* What you will do
The expected answer is the full listing, repeated exactly and free of images.

_ _ _

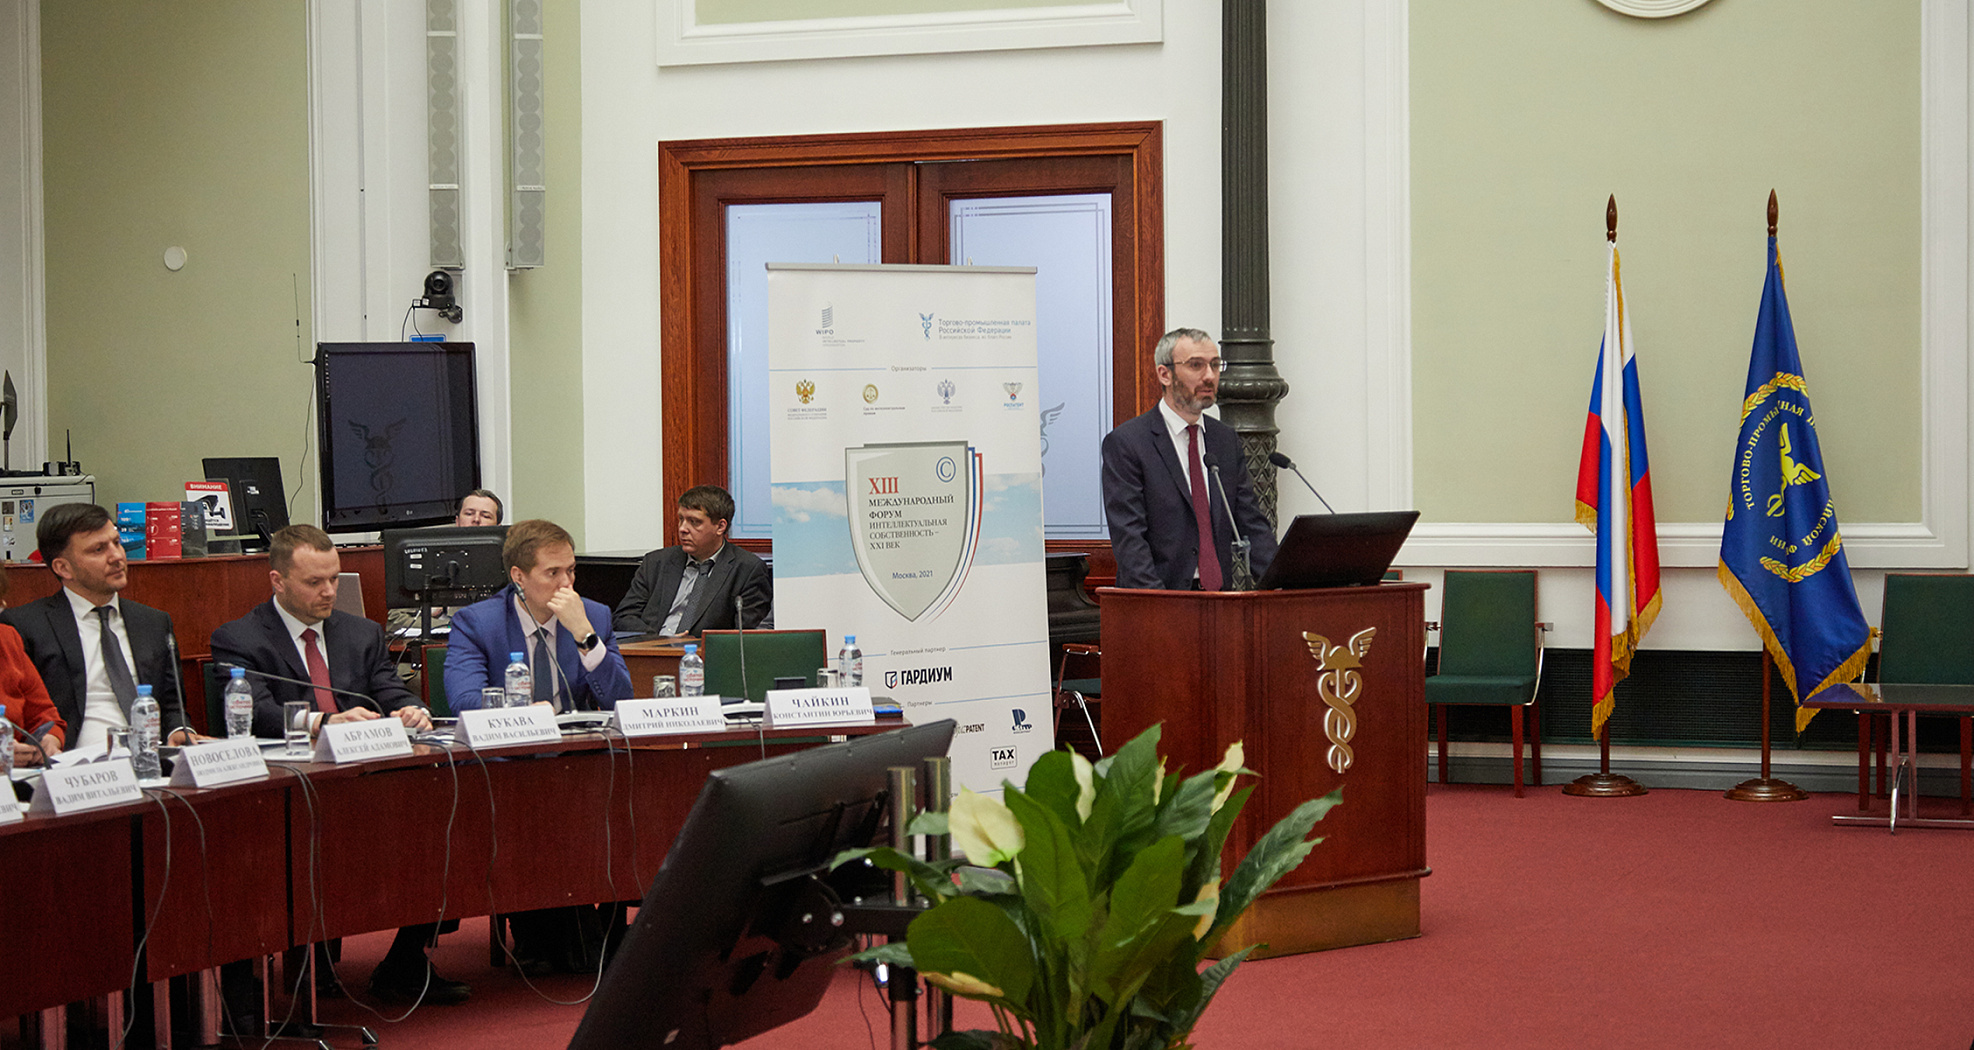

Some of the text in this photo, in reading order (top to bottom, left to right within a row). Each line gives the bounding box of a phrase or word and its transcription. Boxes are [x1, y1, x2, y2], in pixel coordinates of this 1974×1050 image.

[868, 476, 899, 494] XIII
[868, 494, 954, 507] МЕЖДУНАРОДНЫЙ
[869, 510, 902, 519] ФОРУМ
[869, 518, 948, 530] ИНТЕЛЛЕКТУАЛЬНАЯ
[870, 529, 934, 540] СОБСТВЕННОСТЬ
[886, 540, 900, 549] ВЕК
[892, 570, 934, 580] Москва, 2021
[901, 666, 952, 685] ГАРДИУМ
[792, 696, 849, 708] ЧАЙКИН
[642, 706, 698, 718] МАРКИН
[774, 710, 830, 720] КОНСТАНТИН
[488, 716, 534, 728] КУКАВА
[624, 718, 723, 730] ДМИТРИЙ НИКОЛАЕВИЧ
[344, 727, 392, 742] АБРАМОВ
[472, 728, 556, 742] ВАДИМ ВАСИЛЬЕВИЧ
[336, 740, 408, 756] АЛЕКСЕЙ АДАМОВИЧ
[190, 746, 259, 766] НОВОСЕЛОВА
[992, 749, 1014, 760] TAX
[64, 770, 118, 788] ЧУБАРОВ
[55, 784, 138, 804] ВАДИМ ВИТАЛЬЕВИЧ

_ _ _

* Solution for this task
Some of the text in this photo, in reading order (top to bottom, left to right within a row). Each line gives the bounding box of a phrase or word and its transcription. Boxes are [x1, y1, x2, y2], in pixel coordinates of this 1974×1050 image.

[868, 476, 899, 494] XIII
[868, 494, 954, 507] МЕЖДУНАРОДНЫЙ
[869, 510, 902, 519] ФОРУМ
[869, 518, 948, 530] ИНТЕЛЛЕКТУАЛЬНАЯ
[870, 529, 934, 540] СОБСТВЕННОСТЬ
[886, 540, 900, 549] ВЕК
[892, 570, 934, 580] Москва, 2021
[901, 666, 952, 685] ГАРДИУМ
[792, 696, 849, 708] ЧАЙКИН
[642, 706, 698, 718] МАРКИН
[774, 710, 830, 720] КОНСТАНТИН
[488, 716, 534, 728] КУКАВА
[624, 718, 723, 730] ДМИТРИЙ НИКОЛАЕВИЧ
[344, 727, 392, 742] АБРАМОВ
[472, 728, 556, 742] ВАДИМ ВАСИЛЬЕВИЧ
[336, 740, 408, 756] АЛЕКСЕЙ АДАМОВИЧ
[190, 746, 259, 766] НОВОСЕЛОВА
[992, 749, 1014, 760] TAX
[64, 770, 118, 788] ЧУБАРОВ
[55, 784, 138, 804] ВАДИМ ВИТАЛЬЕВИЧ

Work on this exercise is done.